■ THE PROBLEM
Set the data down once more, exactly as it is written.
■ ■ ■ ■
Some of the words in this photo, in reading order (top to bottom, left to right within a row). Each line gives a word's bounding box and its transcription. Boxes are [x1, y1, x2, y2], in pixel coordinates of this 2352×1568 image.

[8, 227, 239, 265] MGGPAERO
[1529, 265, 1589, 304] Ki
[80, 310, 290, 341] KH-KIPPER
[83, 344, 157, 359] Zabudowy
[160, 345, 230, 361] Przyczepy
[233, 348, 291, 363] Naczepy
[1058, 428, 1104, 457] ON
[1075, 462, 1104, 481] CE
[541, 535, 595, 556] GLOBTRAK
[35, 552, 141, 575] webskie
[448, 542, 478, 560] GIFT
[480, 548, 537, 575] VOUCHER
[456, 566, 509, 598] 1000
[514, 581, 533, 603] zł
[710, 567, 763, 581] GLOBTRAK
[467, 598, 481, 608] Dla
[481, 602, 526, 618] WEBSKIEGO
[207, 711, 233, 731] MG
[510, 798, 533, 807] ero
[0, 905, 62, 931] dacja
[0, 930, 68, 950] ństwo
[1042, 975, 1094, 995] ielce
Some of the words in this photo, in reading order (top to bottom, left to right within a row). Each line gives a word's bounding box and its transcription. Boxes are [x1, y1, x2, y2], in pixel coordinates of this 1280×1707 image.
■ ■ ■ ■
■ TASK RESPONSE
Some of the words in this photo, in reading order (top to bottom, left to right within a row). Each line gives a word's bounding box and its transcription. Boxes are [x1, y1, x2, y2], in pixel coordinates of this 2352×1568 image.

[8, 227, 239, 265] MGGPAERO
[1529, 265, 1589, 304] Ki
[80, 310, 290, 341] KH-KIPPER
[83, 344, 157, 359] Zabudowy
[160, 345, 230, 361] Przyczepy
[233, 348, 291, 363] Naczepy
[1058, 428, 1104, 457] ON
[1075, 462, 1104, 481] CE
[541, 535, 595, 556] GLOBTRAK
[35, 552, 141, 575] webskie
[448, 542, 478, 560] GIFT
[480, 548, 537, 575] VOUCHER
[456, 566, 509, 598] 1000
[514, 581, 533, 603] zł
[710, 567, 763, 581] GLOBTRAK
[467, 598, 481, 608] Dla
[481, 602, 526, 618] WEBSKIEGO
[207, 711, 233, 731] MG
[510, 798, 533, 807] ero
[0, 905, 62, 931] dacja
[0, 930, 68, 950] ństwo
[1042, 975, 1094, 995] ielce
Some of the words in this photo, in reading order (top to bottom, left to right within a row). Each line gives a word's bounding box and its transcription. Boxes are [x1, y1, x2, y2], in pixel coordinates of this 1280×1707 image.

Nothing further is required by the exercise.